Non è una decostruzione quella portata avanti da Simone Regazzoni nel suo ultimo Ti amo, non è nemmeno una nuova e diversa raccolta di frammenti di un altro discorso amoroso. Dell'amore non ci può essere né sapere né discorso: l'amore è il reale che non può essere preso nelle trame tessute con la parola o la scrittura, è una nudità fragile che la parola più bella, rivestendola, offenderebbe. L'amore resta sempre e solo da fare - con disciplina e senza ritegno alcuno.
La sfida allora cui risponde Regazzoni è quella di portare la filosofia al limite, perché l'unica possibilità che si ha con quell'impossibile che è l'amore non è quella di dirne la verità , ma di farla: fare la verità dell'amore facendo l'amore con le parole, nella forma di una lunga dichiarazione d'amore. Quindi non discorso ma solo struggimento, di sé e delle parole - scioglimento senza alibi alcuno, esaurimento oltre ogni misura, consunzione senza speranza.
E in questa filosofia fatta nella forma di una struggente dichiarazione d'amore, l'amore emerge come evento che ci trascende e ci chiede di essere alla sua altezza con la forza di un sì; che ci chiede di abbandonare il nostro io - la sicurezza della nostra esistenza, del nostro potere, del nostro essere - e di perdere tutto, anche il mondo, per esporci all'Altro, senza sapere e senza vedere. Ai margini della notte - che appartiene agli amanti - l'amore ci chiede di resistere - come il dono, come il perdono - alla logica del calcolo per esporci incondizionatamente a esso; ci chiede di non addomesticarne la forza notturna perdendolo e rendendolo calcolato piacere, studiato conforto, di non volerne fare una nostra iniziativa ma di lasciarlo e vederlo venire.
Lasciarlo e vederlo venire come quel miracolo che è e che irrompe e rompe l'orizzonte del possibile, delle nostre possibilità , del nostro potere, come quel miracolo che non dipende da noi e dal nostro volere ma che ci accade. Come quell'evento che segna l'inizio di una vita nova, di un'altra origine del mondo - un mondo, una dimensione di esistenza, al di là della semplice vita, l'apertura di un mondo e il ritrarsi di una terra che è un prodigio che sconvolge l'ordinario corso delle cose.
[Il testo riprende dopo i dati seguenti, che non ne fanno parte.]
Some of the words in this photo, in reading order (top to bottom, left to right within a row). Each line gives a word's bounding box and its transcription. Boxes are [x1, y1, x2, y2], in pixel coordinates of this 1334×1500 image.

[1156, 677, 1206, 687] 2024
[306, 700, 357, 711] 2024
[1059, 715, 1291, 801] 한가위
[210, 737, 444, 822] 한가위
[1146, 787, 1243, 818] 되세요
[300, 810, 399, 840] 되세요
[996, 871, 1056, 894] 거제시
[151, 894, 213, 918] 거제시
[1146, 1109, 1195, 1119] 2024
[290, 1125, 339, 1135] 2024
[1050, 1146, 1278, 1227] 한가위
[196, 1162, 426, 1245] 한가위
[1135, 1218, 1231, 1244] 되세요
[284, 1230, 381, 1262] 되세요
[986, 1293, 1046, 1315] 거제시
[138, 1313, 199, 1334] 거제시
Questo evento, questo miracolo, questo prodigio che è l'amore ci chiede di essere degni di ciò che avviene, di essere all'altezza della sua forza smisurata, di rispondere con un sì al suo venire: sì all'avventura, sì all'origine del mondo e della nuova vita. L'amore - selvatico, furioso, indomito, impetuoso, deflagrante, altero, crudele - ci chiede cuore e coraggio, forza e ferocia; l'amore che ferisce, che non può lasciarci indenni, sani e salvi, ci chiede thymos: ci chiede di essere fieri, valorosi, animosi, impavidi.
Siamo all'altezza di tutto ciò? Di questo eroismo in amore? Di questo coraggio come capacità di dire sì a ciò che accade, di essere all'altezza degli incontri - cuasuali e vuoti di ragione - che ci arrivano, anche a rischio di soffrire e far soffrire? Abbiamo la forza di avventurarci, di accogliere l'evento amoroso?
Evento amoroso che ci chiede la forza dell'irrevocabile "per sempre", di un punto di eternità , di una macchia di eccezione, di un passato che non passa nello scorrere finito del tempo; che ci chiede di avere tutto, senza resto ma senza possesso, nel dire sì all'eternità di un "ora".